(WHAT TO PRODUCE): Return each line, exactly as given, from the one containing "this 2400×1350 image." through the end of the entries below, and skip the rest.

== == ==

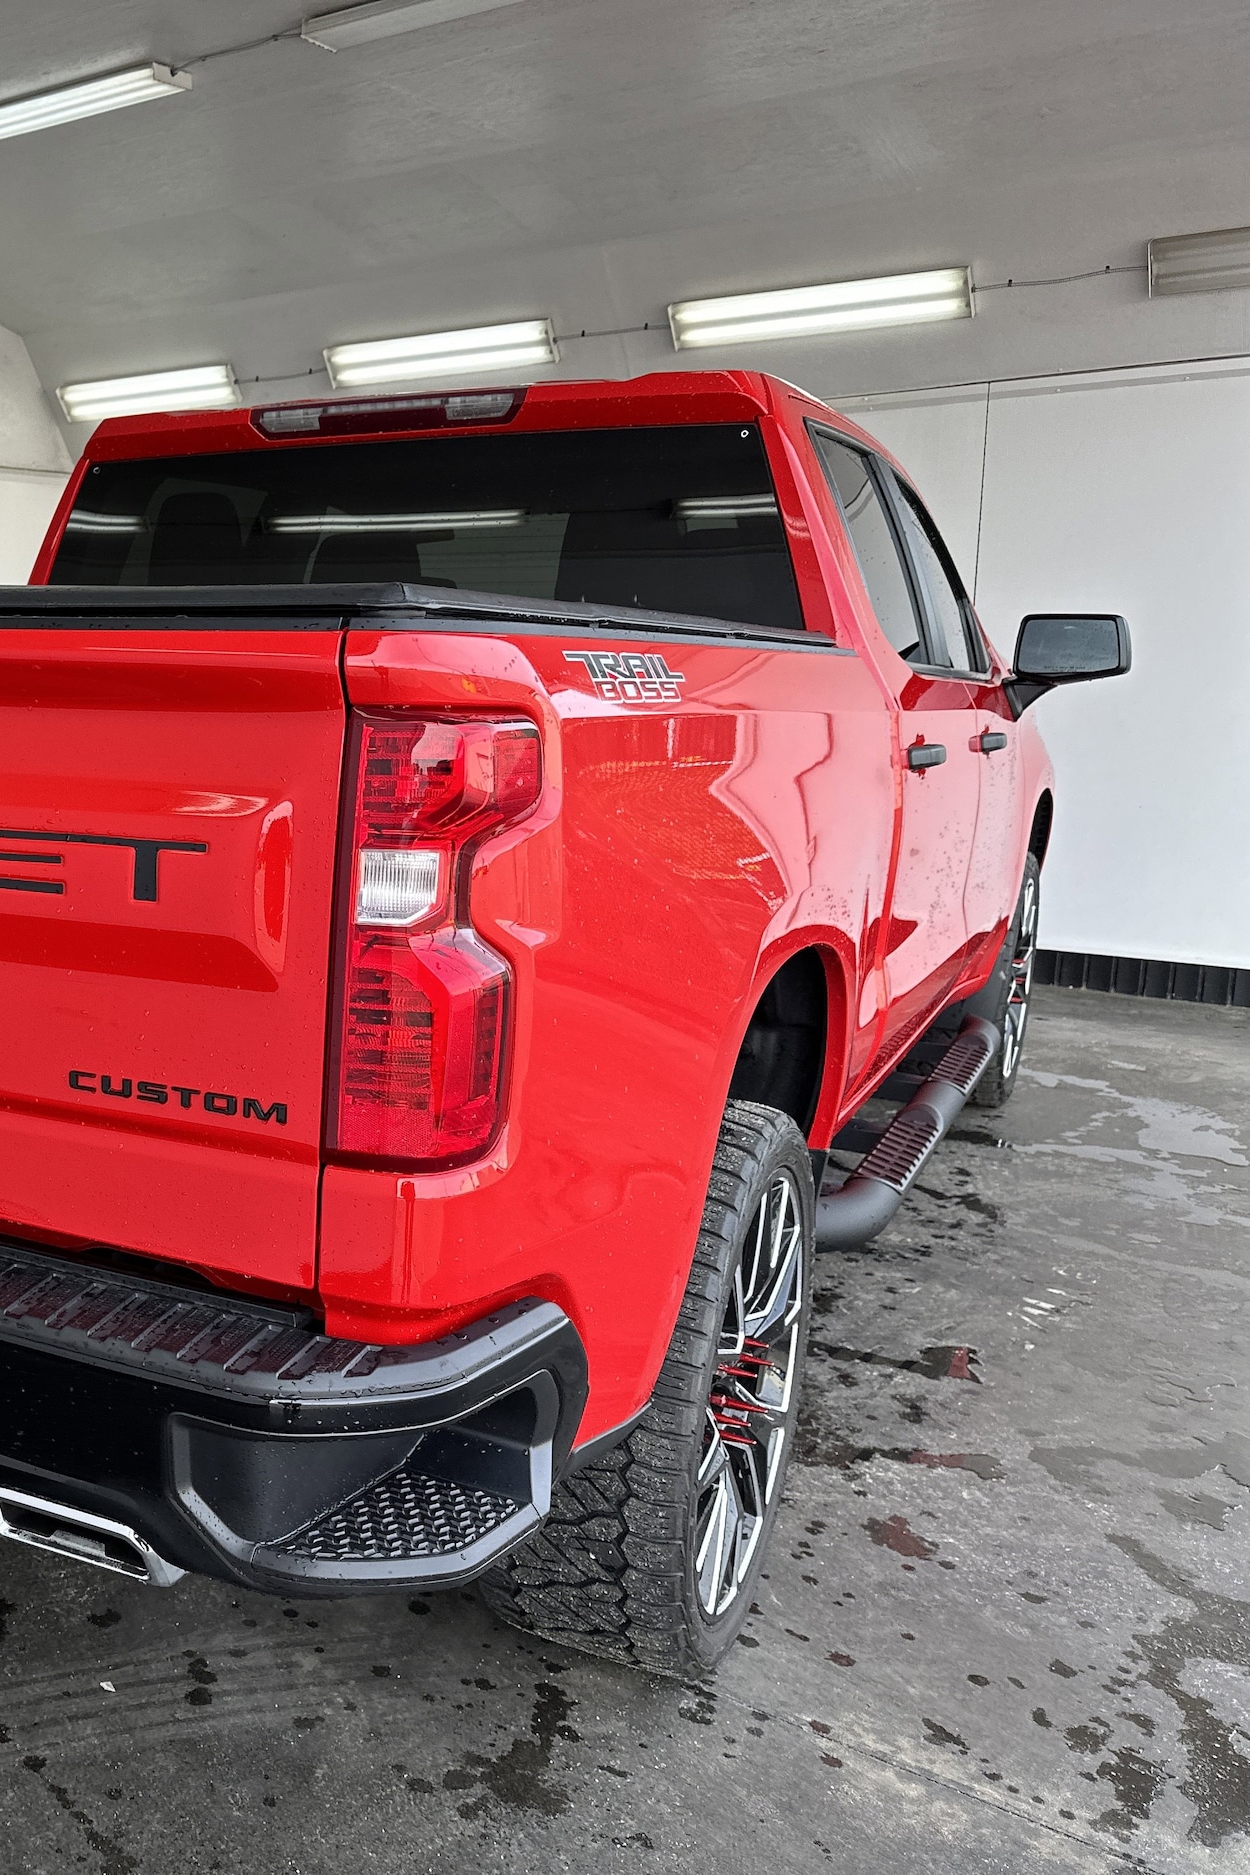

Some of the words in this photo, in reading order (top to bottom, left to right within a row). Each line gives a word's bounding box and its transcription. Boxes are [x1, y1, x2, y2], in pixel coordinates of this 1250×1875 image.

[562, 650, 686, 682] TRAIL
[593, 680, 682, 704] BOSS
[68, 1070, 288, 1126] CUSTOM
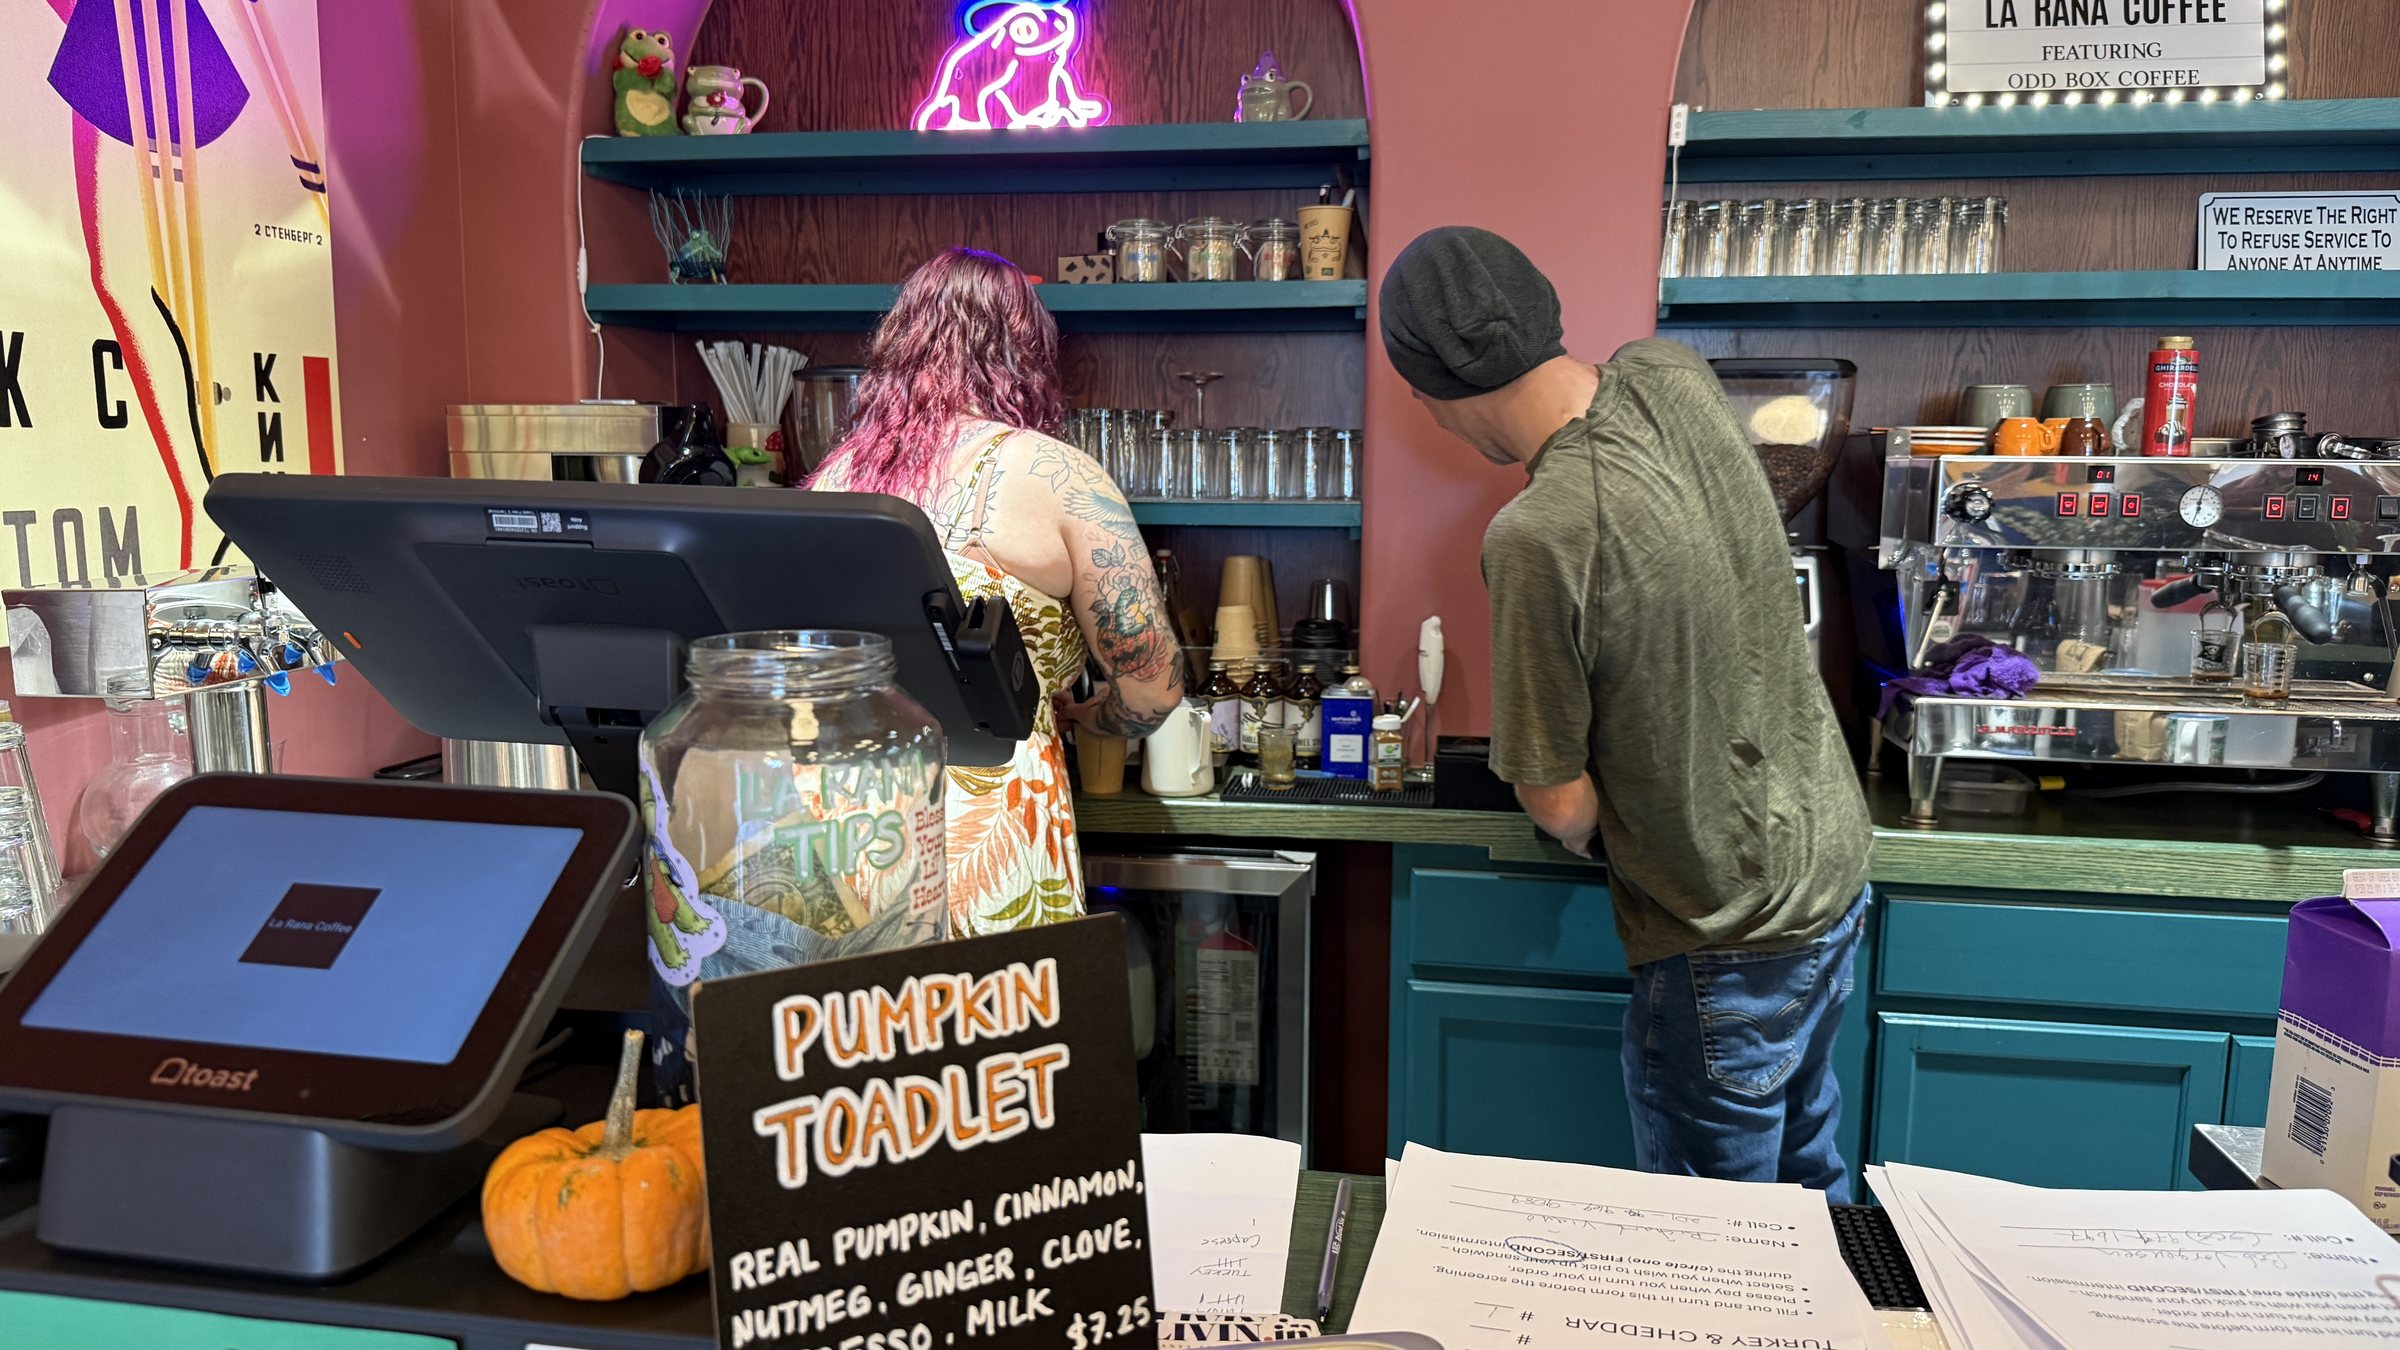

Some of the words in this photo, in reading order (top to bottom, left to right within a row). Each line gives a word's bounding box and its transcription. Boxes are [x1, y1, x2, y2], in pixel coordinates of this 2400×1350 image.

[1986, 0, 2017, 28] LA
[2034, 0, 2109, 26] RANA
[2123, 0, 2227, 25] COFFEE
[2041, 42, 2162, 61] FEATURING
[2008, 73, 2056, 89] ODD
[2066, 71, 2110, 88] BOX
[2118, 69, 2200, 86] COFFEE
[2213, 207, 2240, 225] WE
[254, 223, 261, 236] 2
[265, 225, 313, 243] СТЕНБЕРГ
[316, 235, 323, 245] 2
[253, 352, 286, 475] КИ
[773, 810, 906, 884] TIPS
[268, 918, 283, 928] La
[284, 919, 314, 930] Rana
[314, 920, 353, 934] Coffee
[772, 957, 1060, 1082] PUMPKIN
[182, 1062, 260, 1092] toast
[752, 1043, 1070, 1188] TOADLET
[729, 1238, 820, 1292] REAL
[994, 1159, 1144, 1227] CINNAMON,
[1747, 1220, 1782, 1231] Cell
[1041, 1217, 1142, 1270] CLOVE,
[1416, 1227, 1505, 1248] intermission.
[1726, 1234, 1786, 1248] Name:
[1452, 1246, 1521, 1262] sandwich
[1509, 1243, 1623, 1263] FIRST/SECOND
[2303, 1251, 2368, 1265] Name:
[1523, 1256, 1557, 1265] your
[1559, 1260, 1578, 1269] up
[1627, 1255, 1662, 1266] one)
[1666, 1260, 1714, 1273] (circle
[1432, 1265, 1507, 1284] screening.
[1507, 1265, 1549, 1277] order.
[1580, 1263, 1613, 1274] pick
[1616, 1266, 1631, 1274] to
[1634, 1268, 1668, 1278] wish
[1717, 1266, 1741, 1276] the
[1744, 1268, 1792, 1280] during
[1552, 1271, 1586, 1281] your
[1588, 1275, 1601, 1284] in
[1605, 1276, 1635, 1287] turn
[1671, 1271, 1699, 1281] you
[1701, 1276, 1743, 1286] when
[1511, 1277, 1535, 1288] the
[1538, 1282, 1586, 1294] before
[1639, 1280, 1667, 1289] you
[1745, 1281, 1795, 1292] Select
[1590, 1287, 1625, 1299] form
[1672, 1284, 1711, 1295] when
[1714, 1288, 1742, 1298] pay
[1629, 1291, 1657, 1301] this
[1661, 1295, 1674, 1303] in
[1678, 1296, 1710, 1306] turn
[1745, 1293, 1797, 1304] Please
[1714, 1300, 1743, 1310] and
[1749, 1304, 1772, 1313] out
[966, 1286, 1055, 1338] MILK
[1776, 1307, 1798, 1317] Fill
[1065, 1295, 1151, 1350] $7.25
[1566, 1316, 1698, 1343] CHEDDAR
[1705, 1332, 1723, 1345] &

== == ==

(RESULT OF THIS TASK):
Some of the words in this photo, in reading order (top to bottom, left to right within a row). Each line gives a word's bounding box and its transcription. Boxes are [x1, y1, x2, y2], in pixel coordinates of this 2400×1350 image.

[1986, 0, 2017, 28] LA
[2034, 0, 2109, 26] RANA
[2123, 0, 2227, 25] COFFEE
[2041, 42, 2162, 61] FEATURING
[2008, 73, 2056, 89] ODD
[2066, 71, 2110, 88] BOX
[2118, 69, 2200, 86] COFFEE
[2213, 207, 2240, 225] WE
[254, 223, 261, 236] 2
[265, 225, 313, 243] СТЕНБЕРГ
[316, 235, 323, 245] 2
[253, 352, 286, 475] КИ
[773, 810, 906, 884] TIPS
[268, 918, 283, 928] La
[284, 919, 314, 930] Rana
[314, 920, 353, 934] Coffee
[772, 957, 1060, 1082] PUMPKIN
[182, 1062, 260, 1092] toast
[752, 1043, 1070, 1188] TOADLET
[729, 1238, 820, 1292] REAL
[994, 1159, 1144, 1227] CINNAMON,
[1747, 1220, 1782, 1231] Cell
[1041, 1217, 1142, 1270] CLOVE,
[1416, 1227, 1505, 1248] intermission.
[1726, 1234, 1786, 1248] Name:
[1452, 1246, 1521, 1262] sandwich
[1509, 1243, 1623, 1263] FIRST/SECOND
[2303, 1251, 2368, 1265] Name:
[1523, 1256, 1557, 1265] your
[1559, 1260, 1578, 1269] up
[1627, 1255, 1662, 1266] one)
[1666, 1260, 1714, 1273] (circle
[1432, 1265, 1507, 1284] screening.
[1507, 1265, 1549, 1277] order.
[1580, 1263, 1613, 1274] pick
[1616, 1266, 1631, 1274] to
[1634, 1268, 1668, 1278] wish
[1717, 1266, 1741, 1276] the
[1744, 1268, 1792, 1280] during
[1552, 1271, 1586, 1281] your
[1588, 1275, 1601, 1284] in
[1605, 1276, 1635, 1287] turn
[1671, 1271, 1699, 1281] you
[1701, 1276, 1743, 1286] when
[1511, 1277, 1535, 1288] the
[1538, 1282, 1586, 1294] before
[1639, 1280, 1667, 1289] you
[1745, 1281, 1795, 1292] Select
[1590, 1287, 1625, 1299] form
[1672, 1284, 1711, 1295] when
[1714, 1288, 1742, 1298] pay
[1629, 1291, 1657, 1301] this
[1661, 1295, 1674, 1303] in
[1678, 1296, 1710, 1306] turn
[1745, 1293, 1797, 1304] Please
[1714, 1300, 1743, 1310] and
[1749, 1304, 1772, 1313] out
[966, 1286, 1055, 1338] MILK
[1776, 1307, 1798, 1317] Fill
[1065, 1295, 1151, 1350] $7.25
[1566, 1316, 1698, 1343] CHEDDAR
[1705, 1332, 1723, 1345] &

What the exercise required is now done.